Eine Ausbildung als Einzelhandelskauffrau hatte die junge Frau abgebrochen. Ihre Kinder leben bei ihrer Mutter und in einer Pflegefamilie. Ein psychologischer Sachverständiger diagnostizierte bei der angeklagten Frau eine emotionale Instabilität und eine Persönlichkeitsstörung als Grunderkrankung, die therapiert werden sollte. Dazu kämen eine Borderline-Störung, die zu Selbstverletzungen führe sowie die Alkohol- und die Drogensucht. Der Sachverständige empfahl eine stationäre Langzeittherapie. Verminderte Schuldfähigkeit könne wegen des alkoholisierten Zustands der Angeklagten in beiden Fällen beim Strafmaß in Erwägung gezogen werden.

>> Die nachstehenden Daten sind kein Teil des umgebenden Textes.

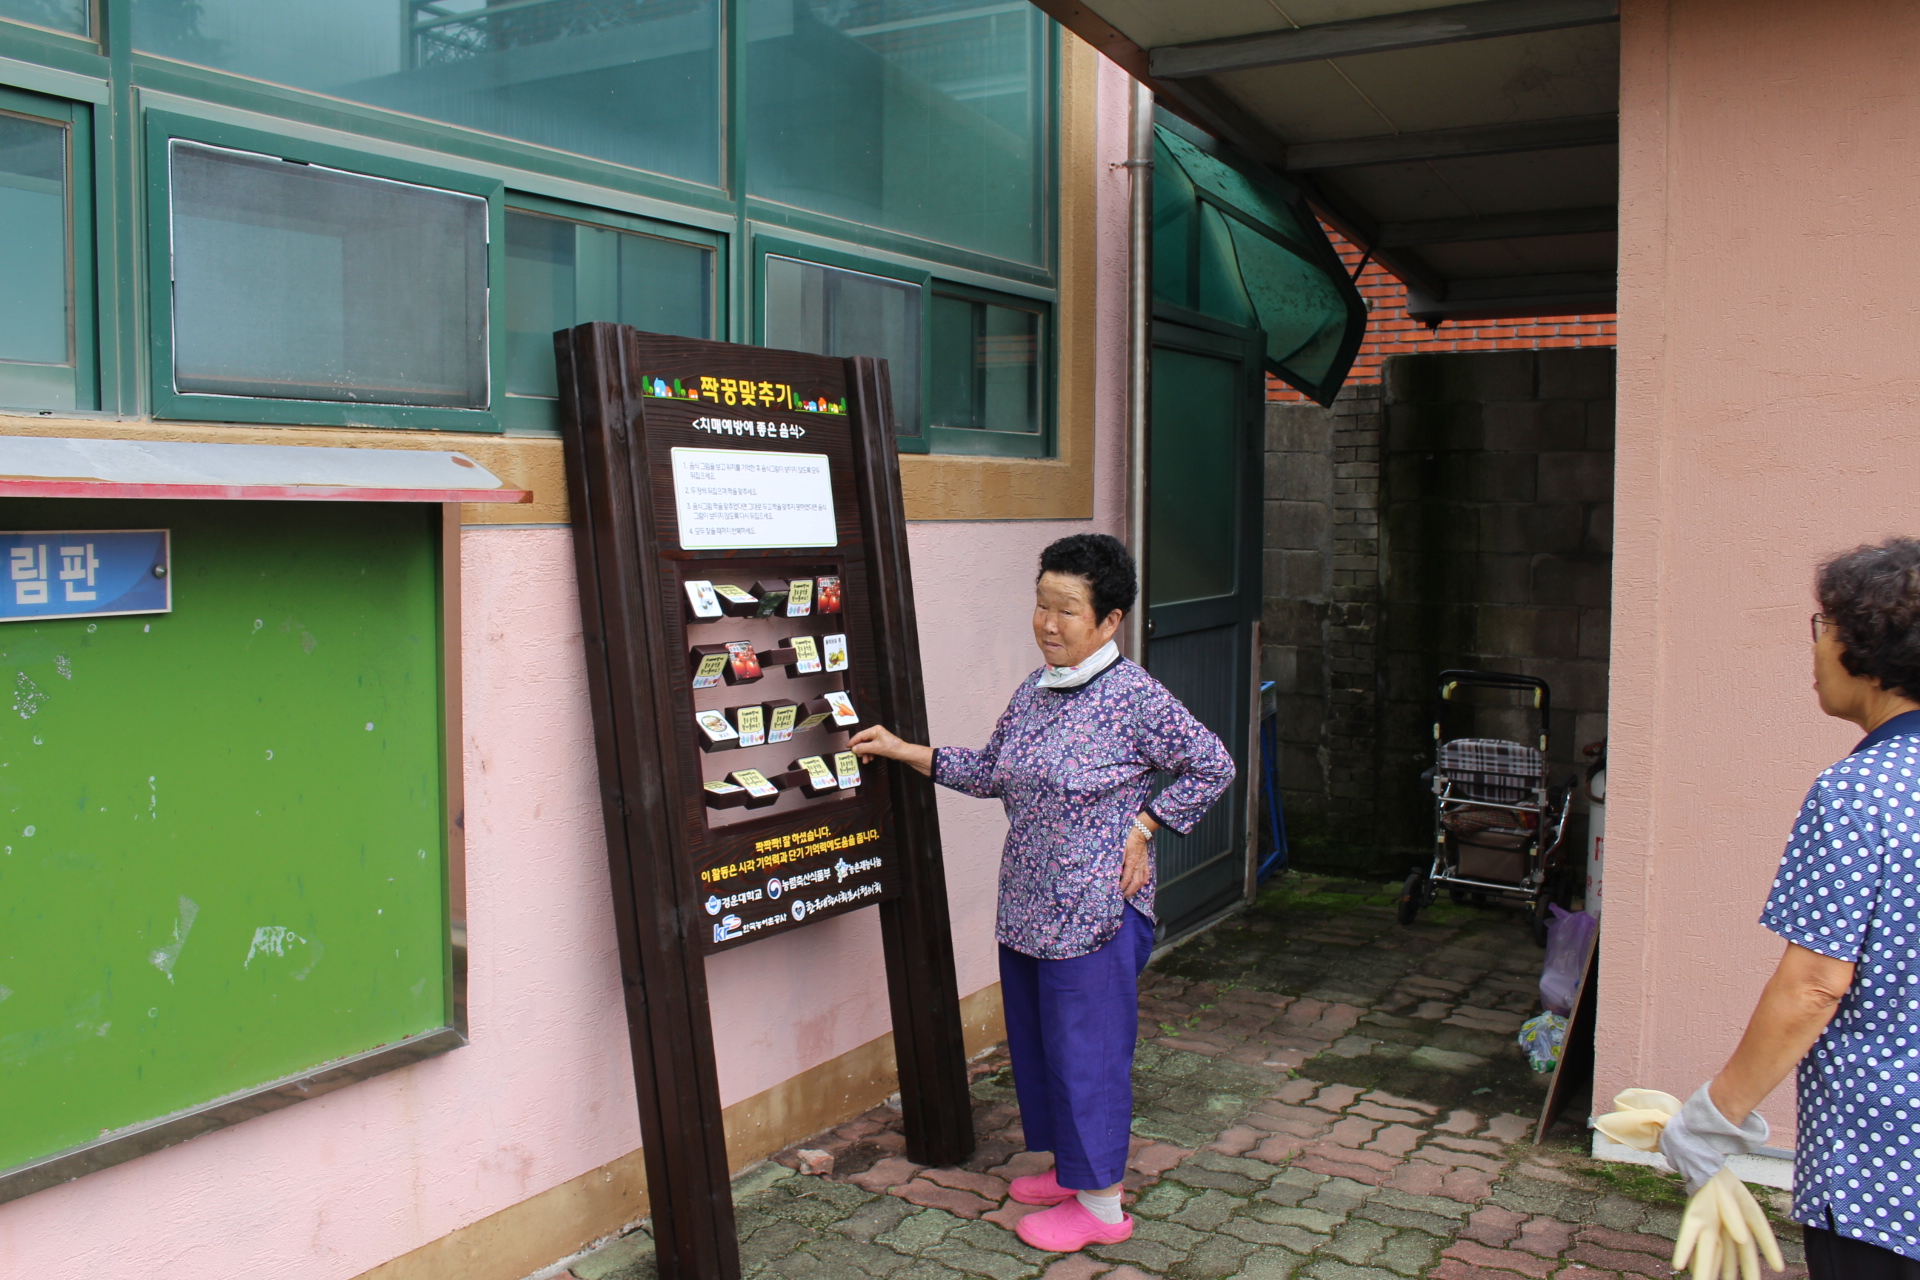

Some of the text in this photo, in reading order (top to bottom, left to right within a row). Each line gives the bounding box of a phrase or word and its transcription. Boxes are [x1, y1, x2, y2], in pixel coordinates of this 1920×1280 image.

Seitens der Staatsanwaltschaft wurde als Maßregelung eine Freiheitsstrafe von zehn Monaten empfohlen, zudem Entzug und Therapie. Gerade an Weihnachten hätten sich die Polizeibeamten und das Bereitschaftspersonal im Krankenhaus aufs Übelste beschimpfen lassen müssen wegen alkoholbedingten Auseinandersetzungen, sagte Richter Benz.

Er, so Benz, habe die Freiheitsstrafe mit sieben Monaten bewusst nicht zu hoch angesetzt, um der Angeklagten die Chance zu geben, ihre Süchte und Erkrankungen therapieren zu lassen und danach den Kontakt zu ihren Kindern wieder verbessern zu können.